Наконец последнее пристанище погибших закрыли. У изголовья им поставили кресты, как это принято у ханты. Под крестами положили доску-столик, разложили еду, налили горячий чай и сели справлять поминки. Матерь Детей тихо разговаривала с Отцом Детей и Старшим Сыном. Она знала, что не все удалось сделать по обряду, поэтому за это просила прощения. Прежде всего не сколотили нижние домовины. Это мужская работа, а мужчин не осталось. Роман еще мал, он не в силах расколоть бревно на доски. Пусть эти «нижние дома» заменят теплые оленьи шкуры. «Верхние дома» [10] тоже не смогли построить, но это можно сделать попозже, в течение года, что допускается обычаем. «Если, конечно, будем живы», — сказала женщина. Она все говорила и говорила. Ей хотелось рассказать уходящим все, что происходит с родными на земле, в Среднем Мире.

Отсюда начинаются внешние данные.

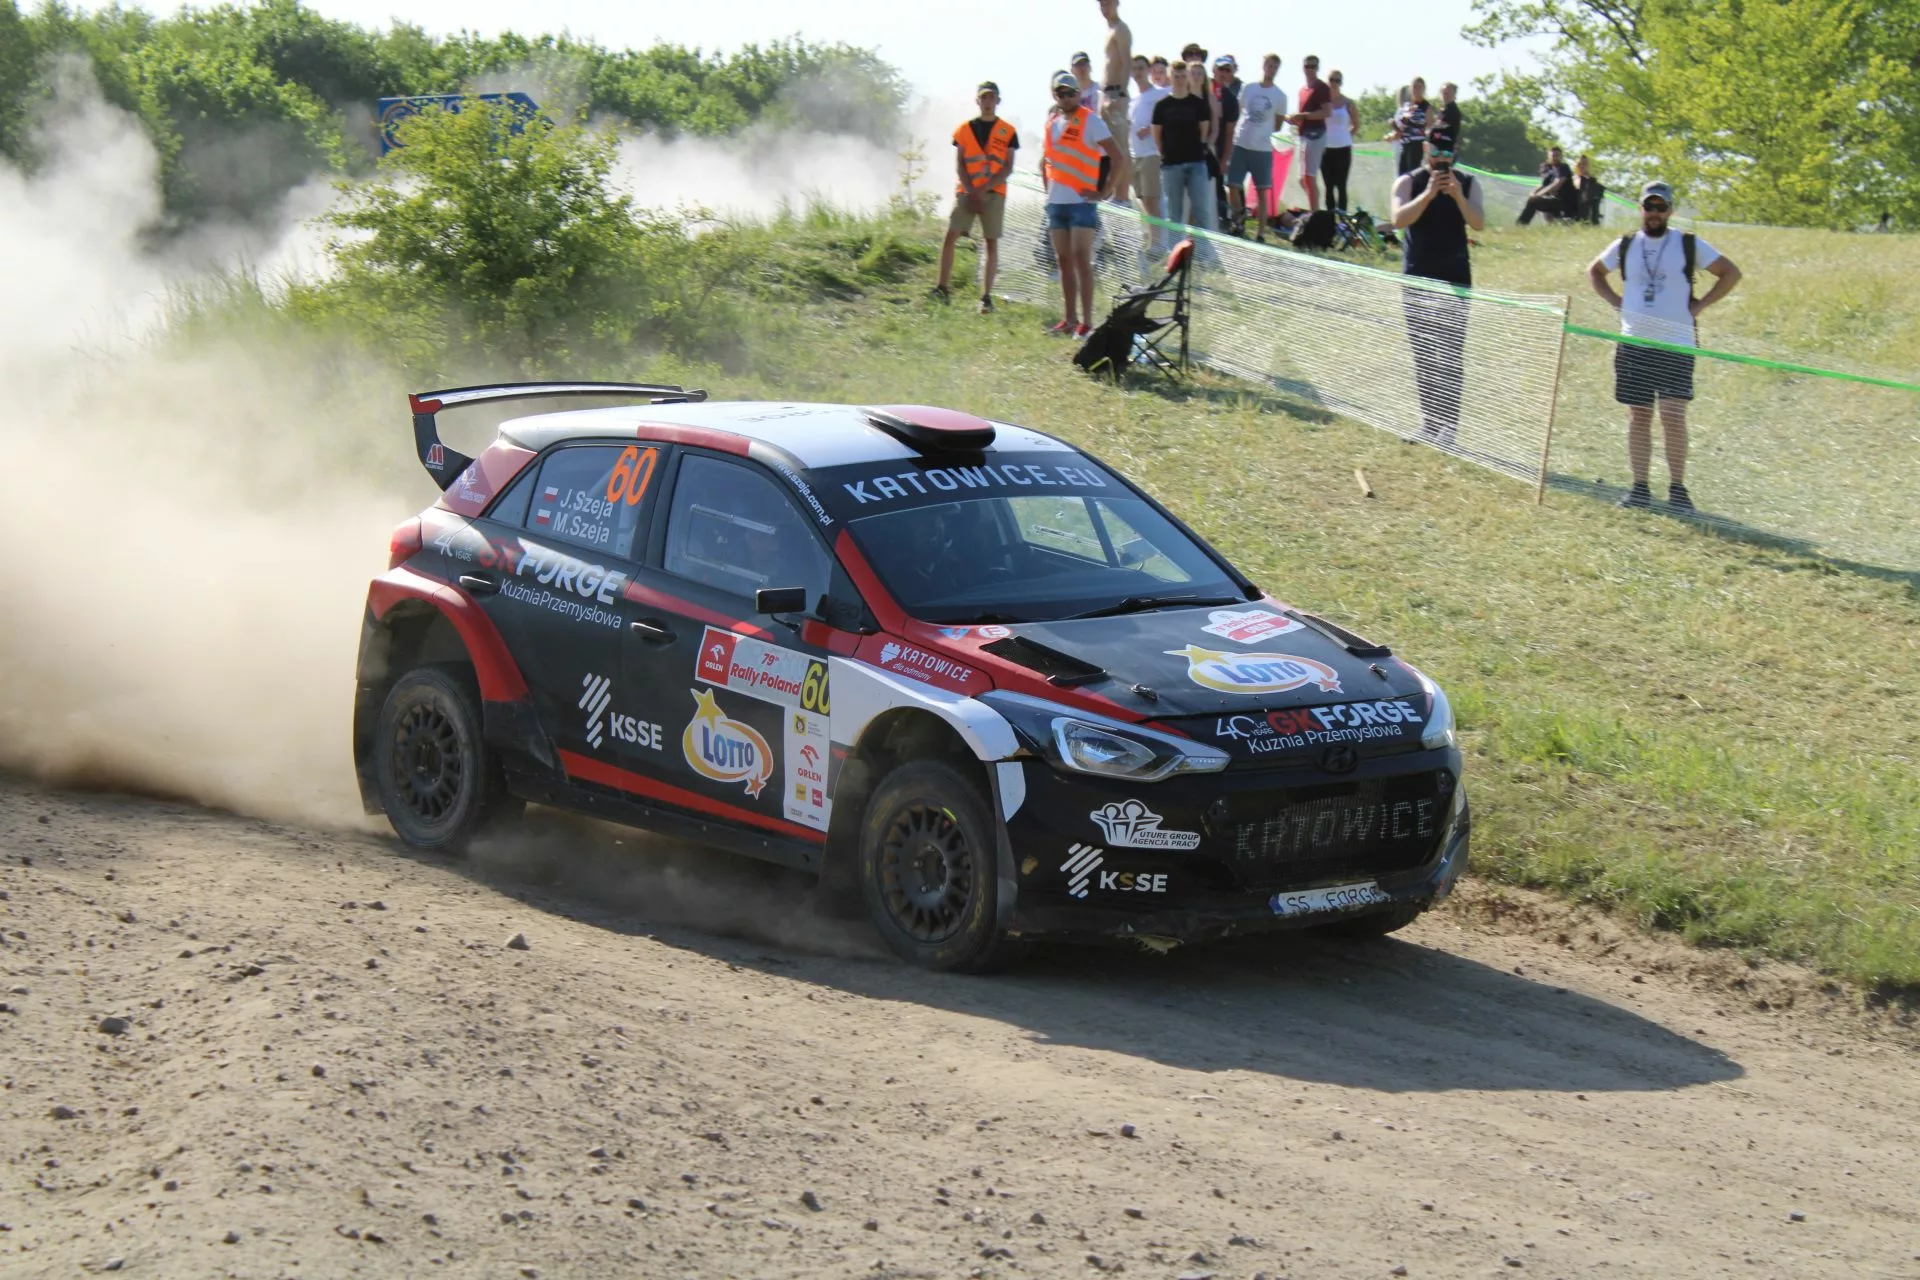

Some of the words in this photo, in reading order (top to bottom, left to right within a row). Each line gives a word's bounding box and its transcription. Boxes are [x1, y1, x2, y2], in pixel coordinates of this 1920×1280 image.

[607, 444, 657, 506] 60
[843, 464, 1106, 503] KATOWICE.EU
[560, 488, 614, 520] J.Szeja
[553, 511, 610, 543] M.Szeja
[705, 660, 724, 673] ORLEN
[730, 663, 760, 687] Rally
[760, 671, 802, 696] Poland
[900, 646, 972, 682] KATOWICE
[1211, 661, 1307, 684] LOTTO
[610, 711, 663, 751] KSSE
[702, 724, 755, 768] LOTTO
[1305, 723, 1402, 745] Przemysłowa
[797, 767, 822, 783] ORLEN
[1132, 838, 1169, 846] AGENCJA
[1169, 833, 1199, 841] GROUP
[1236, 799, 1434, 860] KATOWICE
[1100, 870, 1168, 893] KSSE
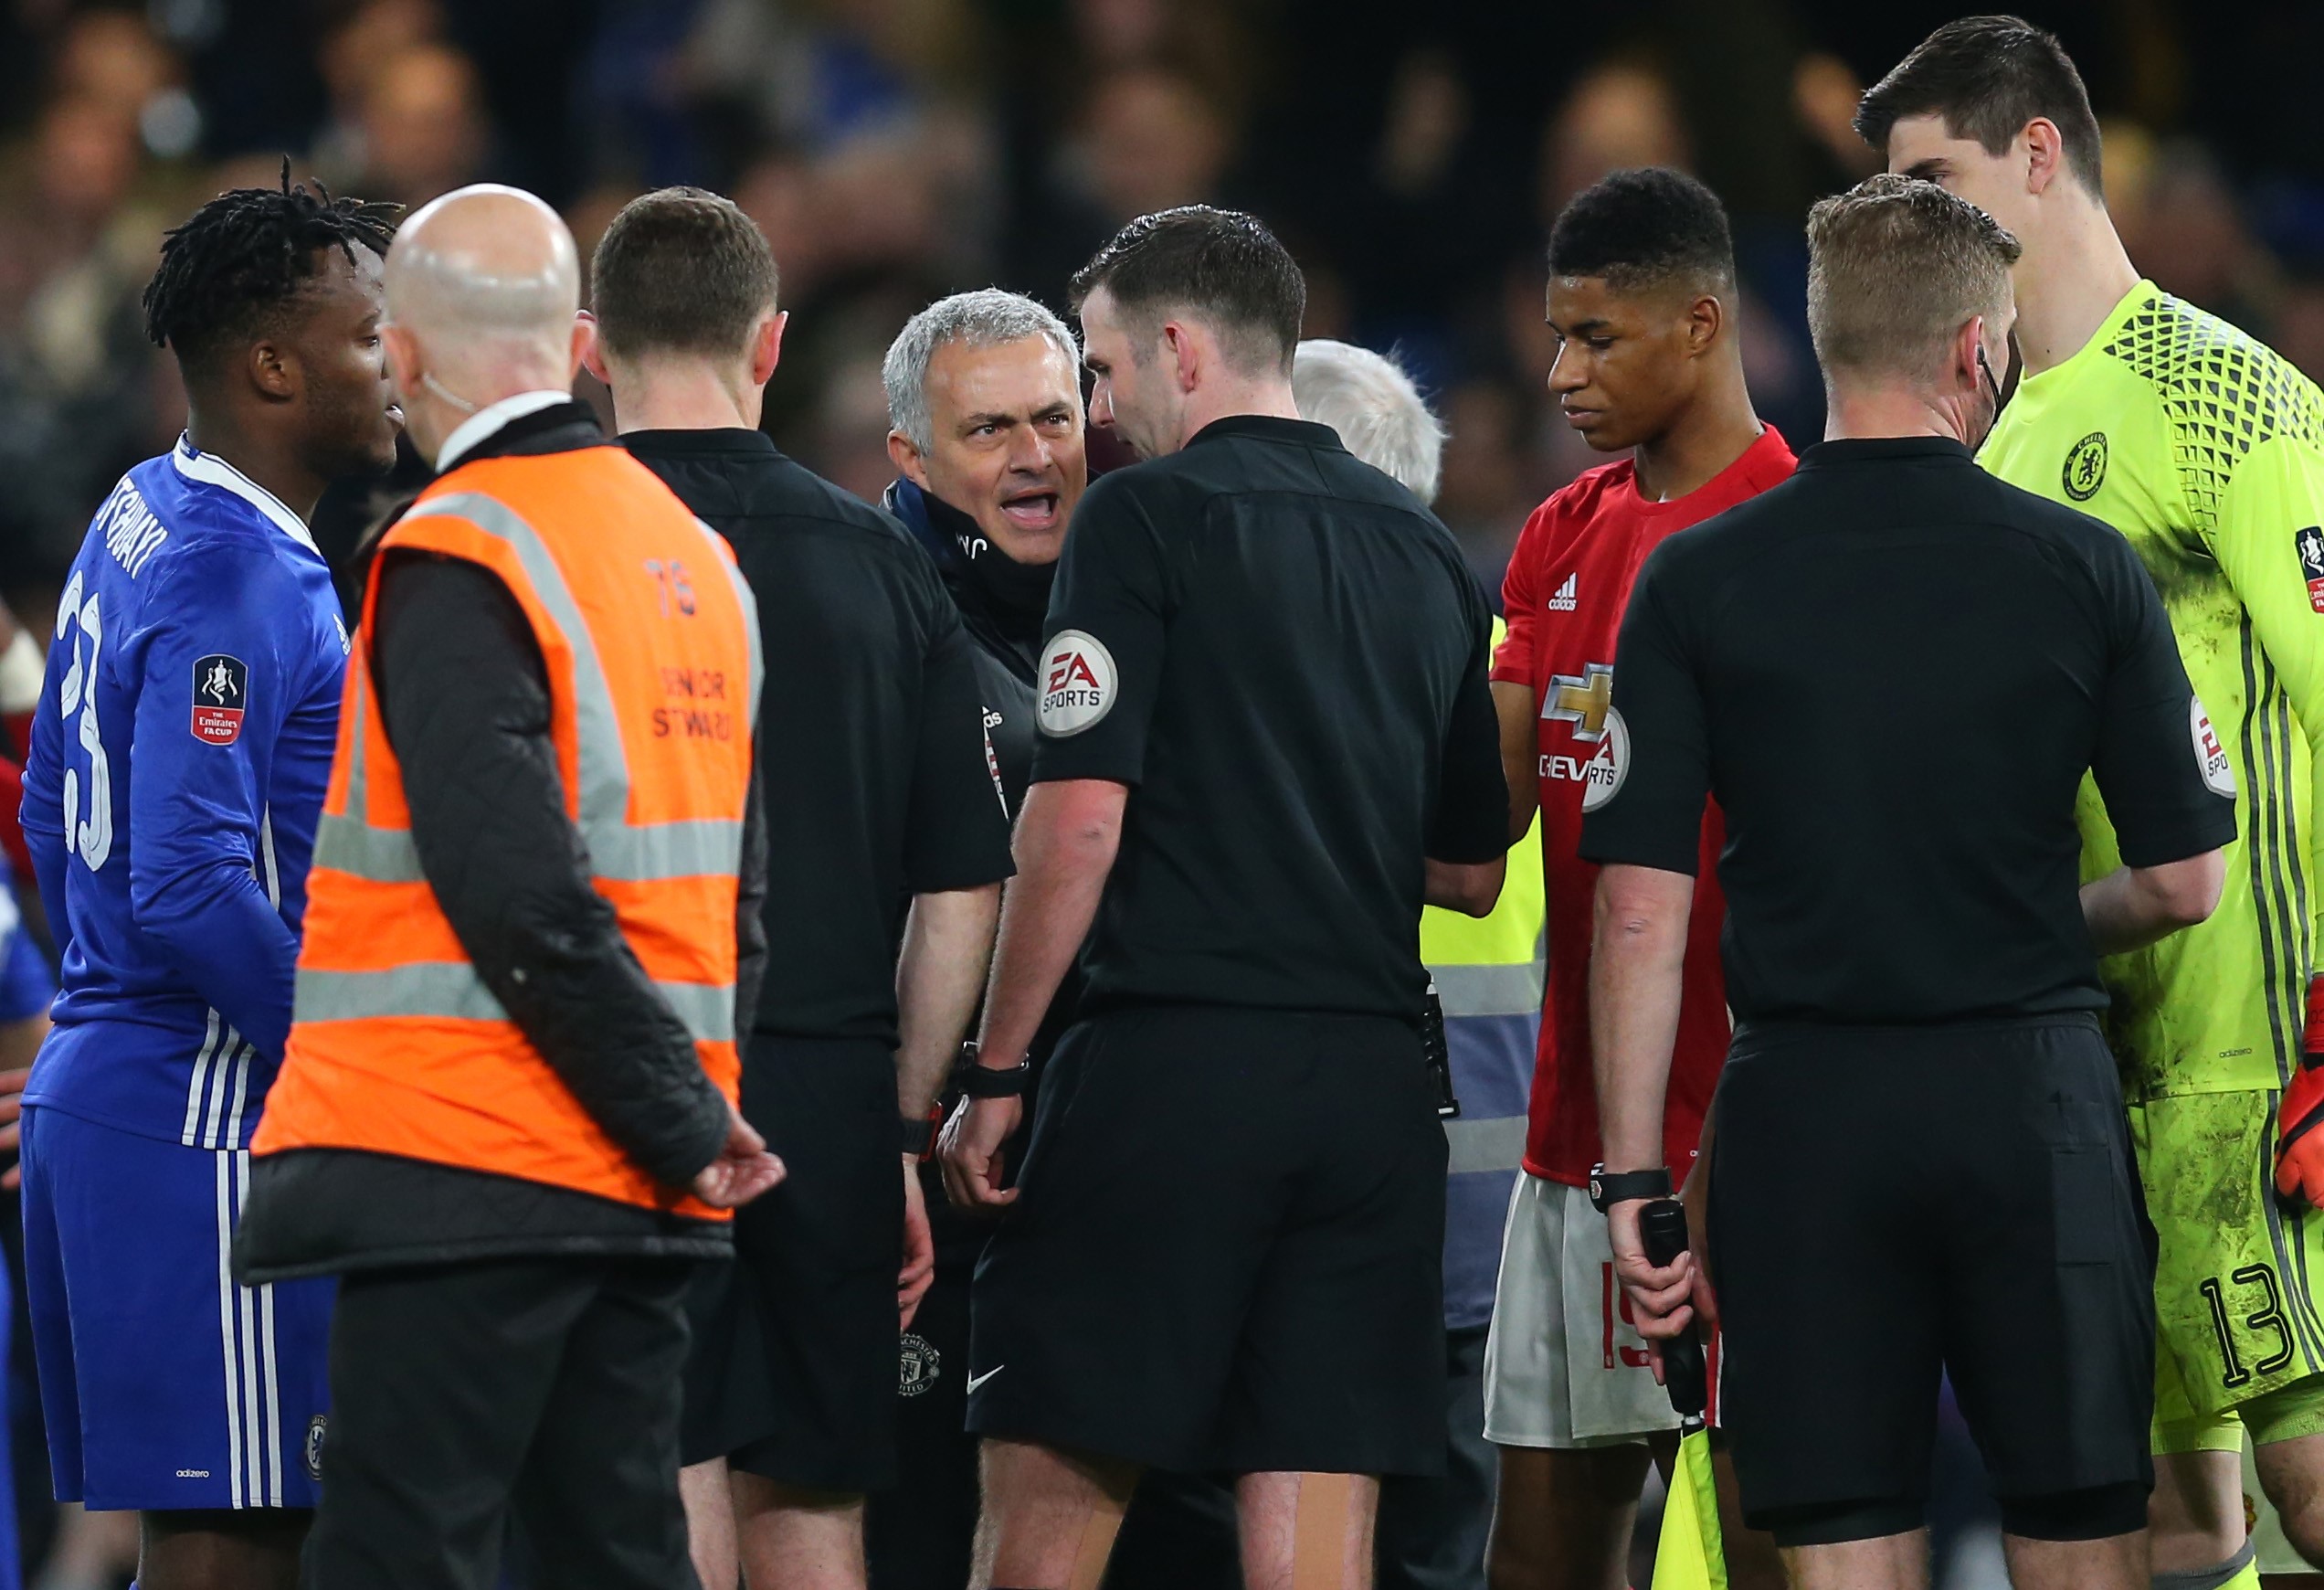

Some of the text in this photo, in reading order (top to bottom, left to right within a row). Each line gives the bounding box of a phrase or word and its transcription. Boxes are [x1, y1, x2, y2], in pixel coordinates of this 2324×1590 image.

Время поминок подходило к концу. Скоро нужно будет уйти. И Матерь Детей обратилась к Старшему Сыну:
— Милый мой ребенок, это я, твоя мама… Сказав это, она опять не выдержала, заплакала. Сначала слезы беззвучно поползли по ее лицу, потом она зарыдала. И тут, опомнившись, закрыла лицо руками, попыталась задержать звуки внутри, в груди, ибо на кладбище нельзя громко рыдать и шуметь. Но, главное, откровенное горе очень омрачает уходящих и делает их последний путь особенно тяжким. И теперь застрявшие в груди рыдания сотрясли ее хрупкое тело. Наконец, справившись с собою и немного успокоившись, она тяжело вздохнула, вытерла слезы и продолжила разговор:
— Милый мой ребенок, разве для этого я тебя вскормила?! Разве для этого я тебя взрастила?! Ох-ох-ох-хо-о-о… Горестный мир нас разлучил. Теперь в мир предков спокойно ступай. Там твои бабушки и дедушки. Там еще одну жизнь проживешь… Плохое на нас в уме не держи… Все, что смогли, для тебя сделали. Только ружье тебе не положили. Красные все твои ружья забрали. Когда будем делать верхний дом, тогда тебе ружье положим. Только дробовик Романа остался. Его Анна в зимовье сохранила… Ну, вот, милый мой ребенок…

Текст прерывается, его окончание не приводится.